Researchers have created a new type of heart pump inserted with a catheter to improve the survival rate for infants undergoing a series of surgeries to correct a deadly birth defect.
The researchers are developing a "viscous impeller pump" for children born with univentricular circulation, a congenital heart disease that is the leading cause of death from birth defects in the first year of a child's life, said Steven Frankel, a Purdue University professor of mechanical engineering.
The innovation also might be used for temporarily treating adults with the disease.
The human heart normally contains two pumps, or ventricles: one circulates oxygenated blood throughout the body, and the other, less powerful, ventricle circulates deoxygenated blood to the lungs.
Babies born with the defect have only one functioning ventricle, but French surgeon Francois Fontan discovered more than three decades ago that the infants could survive on a single ventricle by restructuring the configuration of blood vessels called the inferior vena cava and superior vena cava. The infants must have a series of three open heart surgeries performed over a period of months or years because they are not be able to survive the shock of all three surgeries at once.
At least 30 percent of the babies do not survive the surgeries, called the Fontan procedures.
To improve the survival rate, Mark Rodefeld, a medical doctor and associate professor of surgery at the Indiana University School of Medicine, proposed in 2003 to provide a mechanical pump to assist the heart during surgery.
Such an innovation would make it possible to perform all three surgeries at the same time, while also providing a temporary heart-assist technology for adults who've had the surgeries, Frankel said.
"A big advantage of this pump is that it gets delivered through the skin with a catheter without open heart surgery," said Frankel, who is working with Rodefeld and other researchers at the IU School of Medicine, the University of Louisville and the Rose-Hulman Institute of Technology's Rose-Hulman Ventures, which is developing a prototype of the pump.
The researchers have received a $2.1 million, four-year grant from the National Institutes of Health's National Heart, Lung and Blood Institute to continue developing the heart pump. The research also involves graduate student Jeffrey R. Kennington and Jun Chen, a Purdue assistant professor of mechanical engineering.
Researchers plan to implant the new pump into a four-way intersection where the inferior and superior vena cavae meet the right and left pulmonary arteries. Once inserted with a catheter, the pump can be dramatically expanded, forming a shape that resembles two cones joined at the base. The device spins at about 10,000 rpm, connected via a slender cable to a small motor outside of the body.
Frankel and graduate student Travis Fisher originated the design, applying concepts from textbook fluid dynamics developed a century ago by Hungarian engineer Theodore von K-rm-n, founder of modern aerodynamics.
The researchers also found design inspiration from an unlikely source: cocktail umbrellas.
"A major challenge was, how do we get this into the body, and we thought of the cocktail umbrella," Frankel said. "It starts out flat and compact and then opens out with a similar shape, with upper and lower segments."
A pump is needed because relying on one ventricle reduces the heart's circulatory force.

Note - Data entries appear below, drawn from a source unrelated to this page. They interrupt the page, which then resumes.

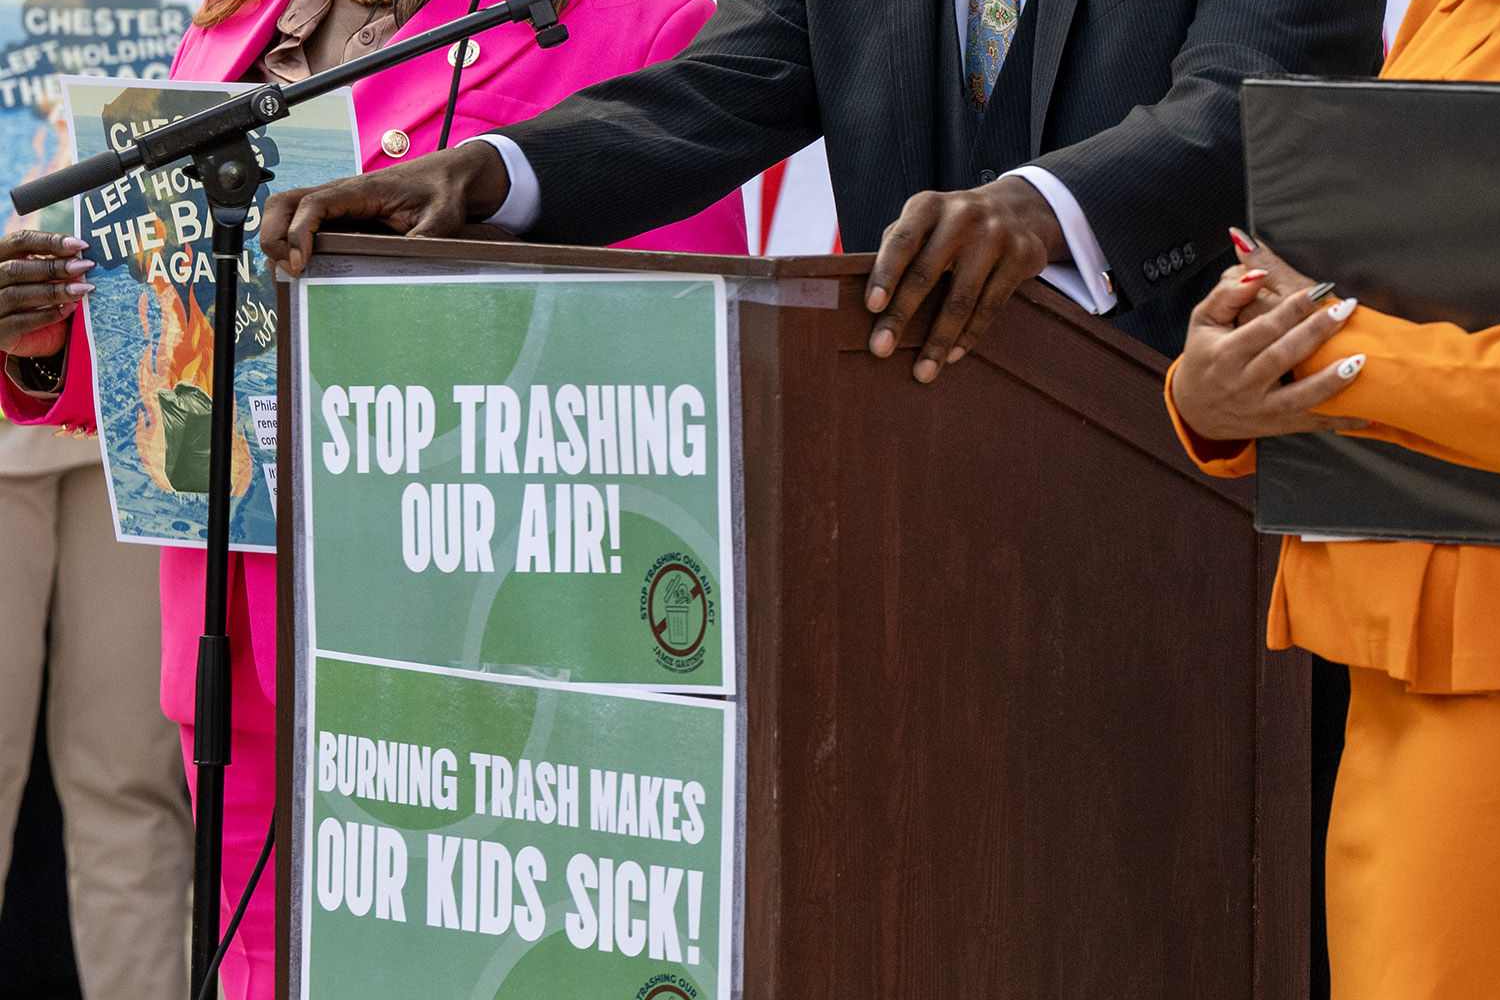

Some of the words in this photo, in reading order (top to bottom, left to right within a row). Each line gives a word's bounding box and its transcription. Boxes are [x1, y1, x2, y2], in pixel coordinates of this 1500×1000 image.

[25, 7, 184, 36] CHESTER
[85, 165, 147, 222] LEFT
[91, 212, 165, 261] THE
[170, 196, 260, 245] BG
[147, 250, 250, 283] AGAN
[254, 400, 277, 411] Phila
[257, 420, 277, 429] rene
[321, 384, 435, 475] STOP
[453, 383, 706, 476] TRASHING
[261, 437, 277, 446] con
[401, 482, 495, 573] OUR
[515, 483, 622, 574] AIR!
[640, 586, 648, 620] STOP
[645, 552, 681, 583] TRASHING
[684, 555, 701, 575] OUR
[700, 575, 712, 595] AIR
[707, 600, 715, 626] ACT
[318, 731, 458, 811] BURNING
[470, 752, 579, 828] TRASH
[590, 768, 706, 845] MAKES
[317, 817, 408, 922] OUR
[426, 833, 547, 942] KIDS
[565, 853, 703, 966] SICK!
[678, 978, 697, 998] OUR
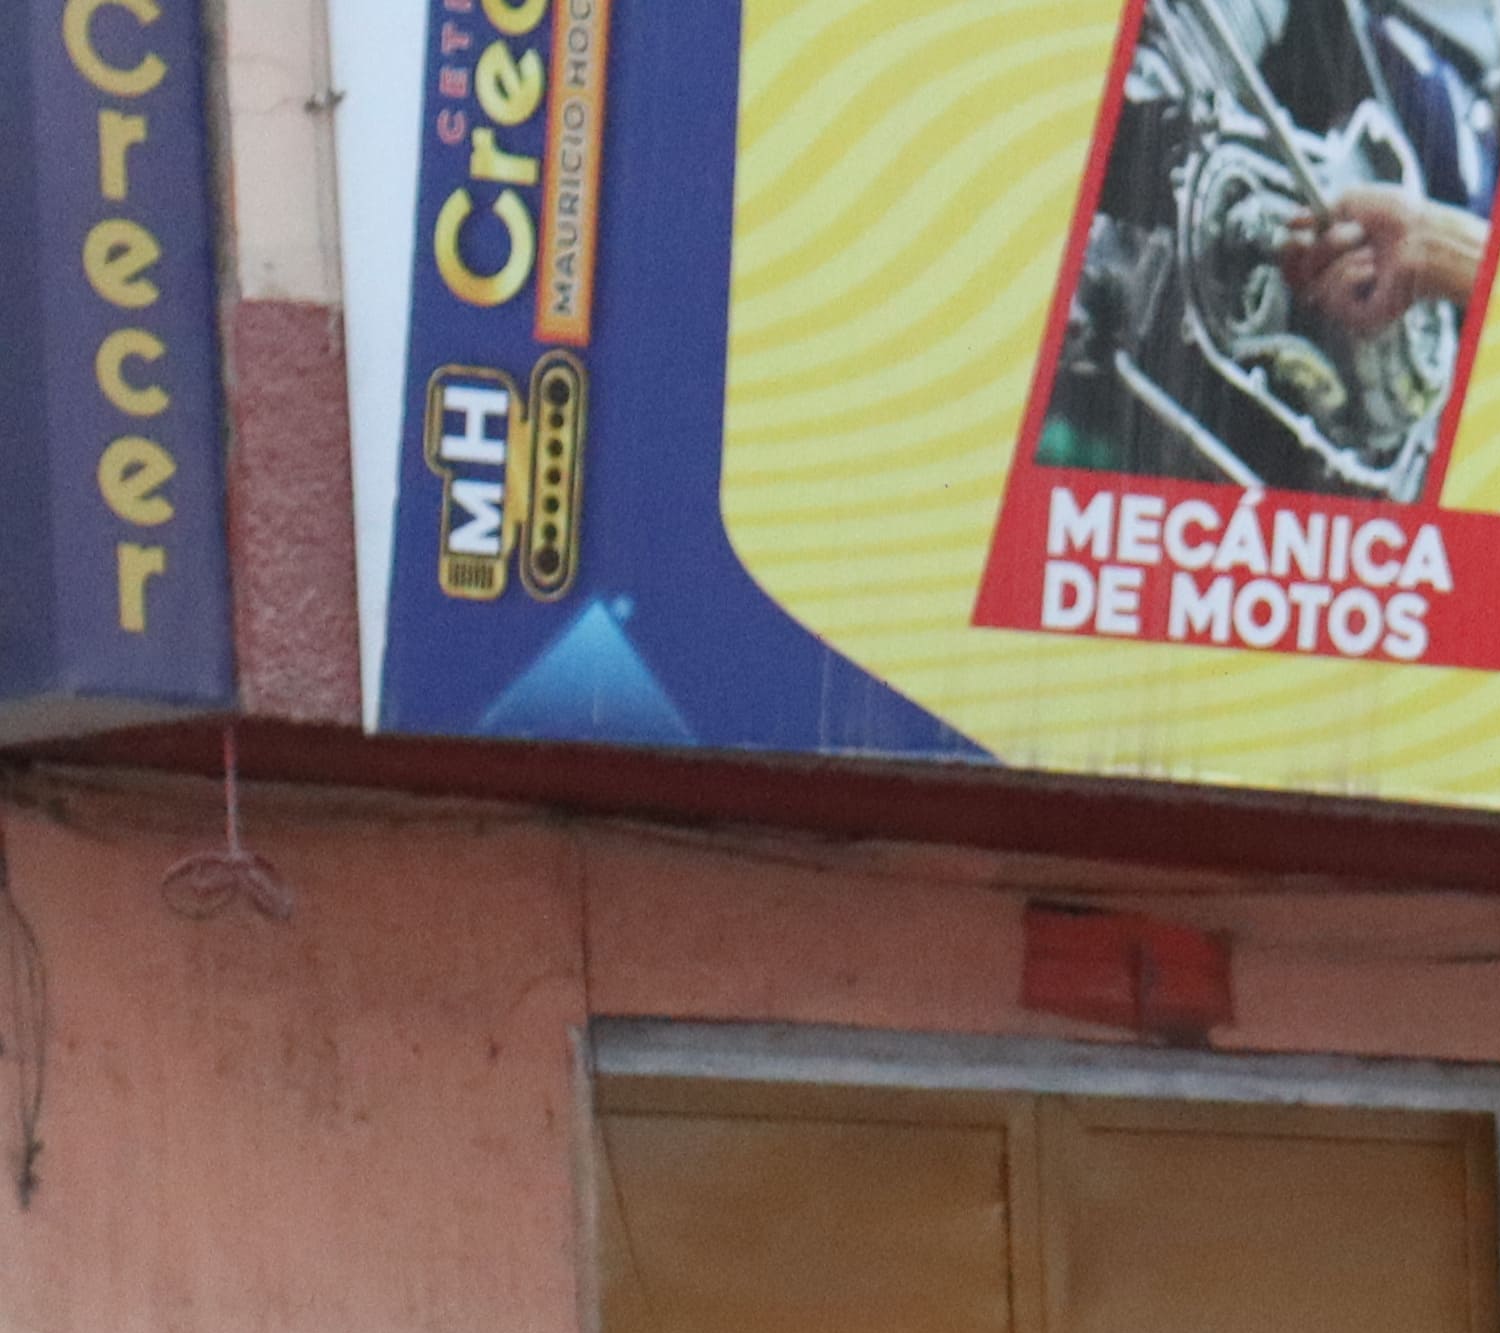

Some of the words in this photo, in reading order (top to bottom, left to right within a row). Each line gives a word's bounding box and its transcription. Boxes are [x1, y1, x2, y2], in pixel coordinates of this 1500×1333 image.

"It's a weak circulatory system, so you don't get really good pumping into the lungs, and the oxygenated blood returning to the heart doesn't quite fill the ventricle to begin the cycle over again," Frankel said. "A patient right now who's walking around in their 20s, who had the surgery 20 years ago, may start having heart problems and need some support, either as a bridge to transplant or as a temporary means of support. This pump represents a way to do that in an outpatient setting. It is designed to be in the body for two weeks at most, almost like a disposable item."
The rotating device contains riblike grooves to efficiently pump blood. The design is promising because testing has shown that the rotating device causes minimal damage to red blood cells.

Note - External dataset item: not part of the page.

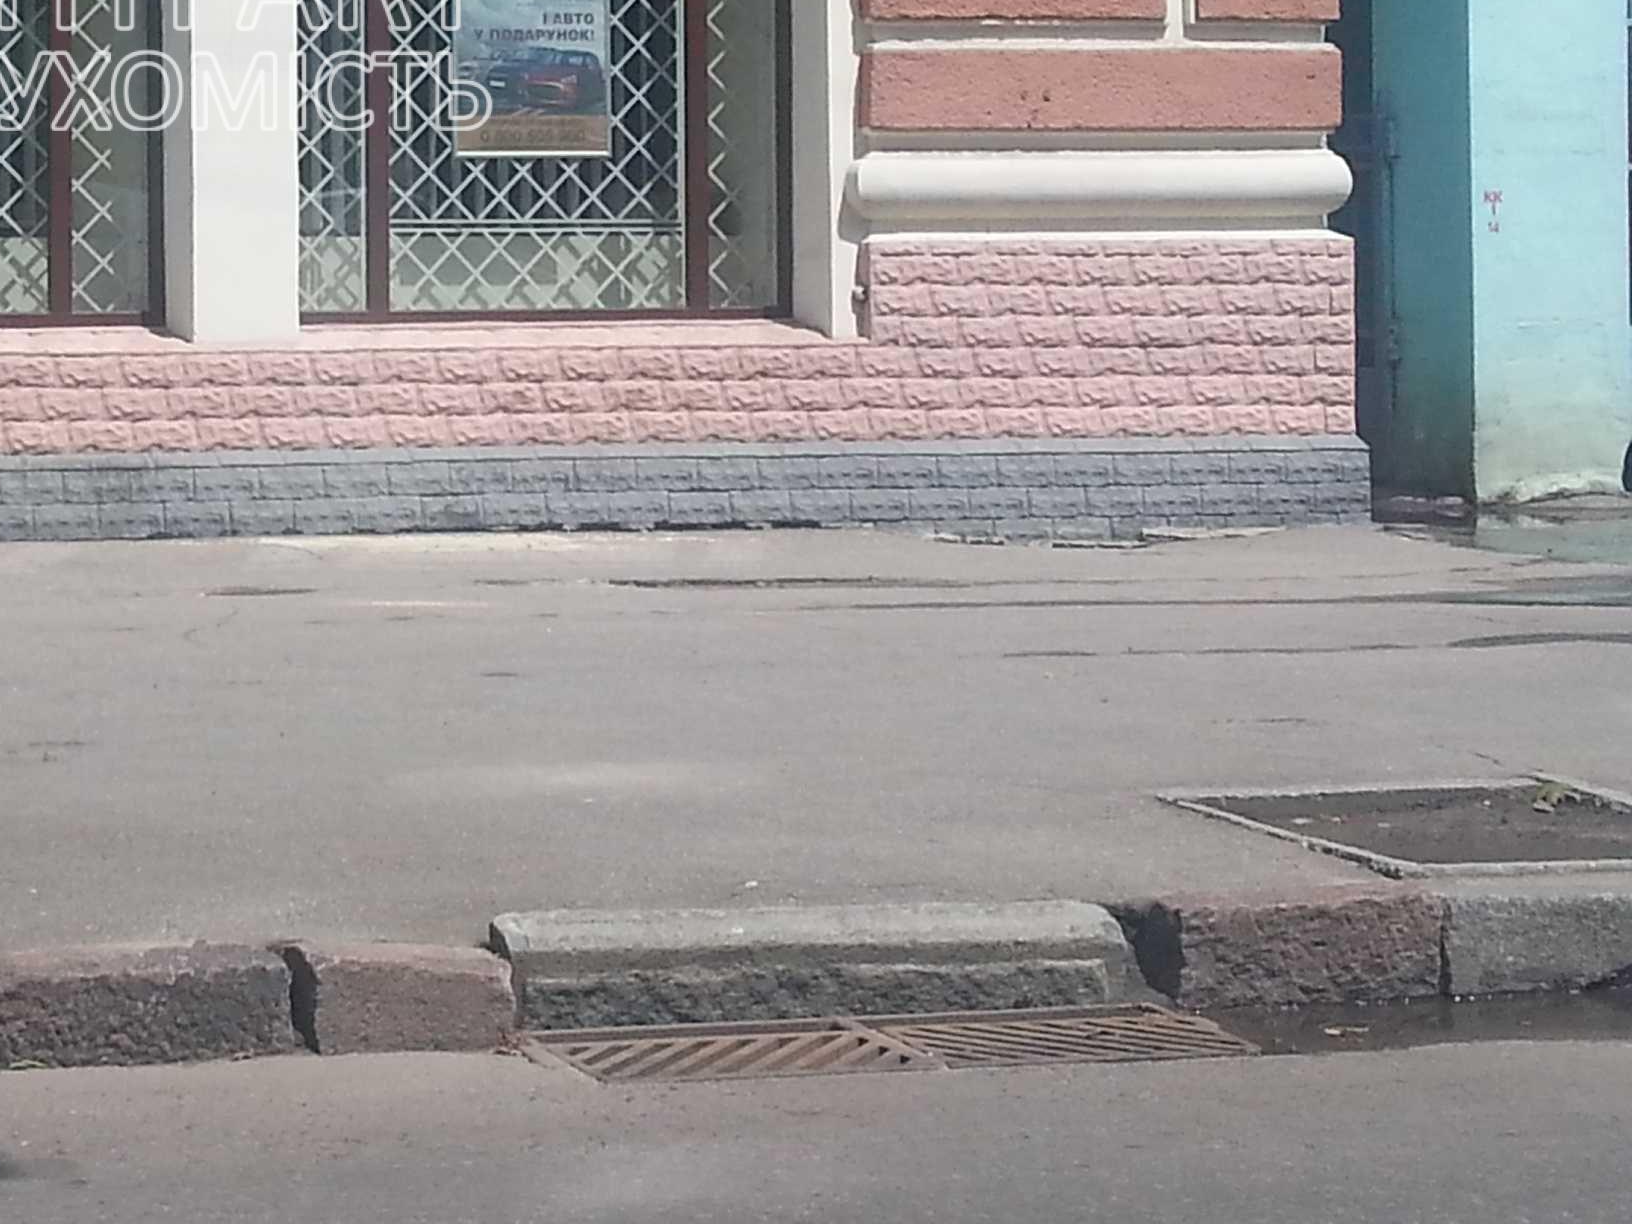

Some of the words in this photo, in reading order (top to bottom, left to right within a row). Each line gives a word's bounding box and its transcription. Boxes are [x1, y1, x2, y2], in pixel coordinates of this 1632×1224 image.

[552, 12, 595, 25] АВТО
[473, 28, 485, 41] У
[489, 28, 595, 42] ПОДАРУНОК!

"Because it's larger than other experimental pumps, it doesn't have to spin as fast - a maximum of about 10,000 rpm compared to 50,000 for another experimental pump - so it causes less damage to blood cells," Frankel said. "It's like the gentle cycle in a washing machine."
Experiments at the University of Louisville that mimic the circulatory system show the degree of damage done to blood cells by the spinning pump is acceptable for clinical use. That work was conducted by U of L's Guruprasad A. Giridharan, an assistant professor in the Department of Bioengineering.

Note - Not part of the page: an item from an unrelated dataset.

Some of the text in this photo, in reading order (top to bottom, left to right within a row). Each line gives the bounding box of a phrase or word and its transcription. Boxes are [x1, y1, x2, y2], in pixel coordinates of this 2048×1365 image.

Findings were detailed in a research paper that appeared in September in the Journal of Thoracic and Cardiovascular Surgery. The paper was written by Rodefeld; former Purdue graduate student Brandon Coats; Fisher; Giridharan; Chen; John W. Brown, a surgeon at the IU School of Medicine and James Whitcomb Riley Hospital for Children; and Frankel.
Future work may involve the use of animals, with clinical studies in humans to hopefully follow, Frankel said.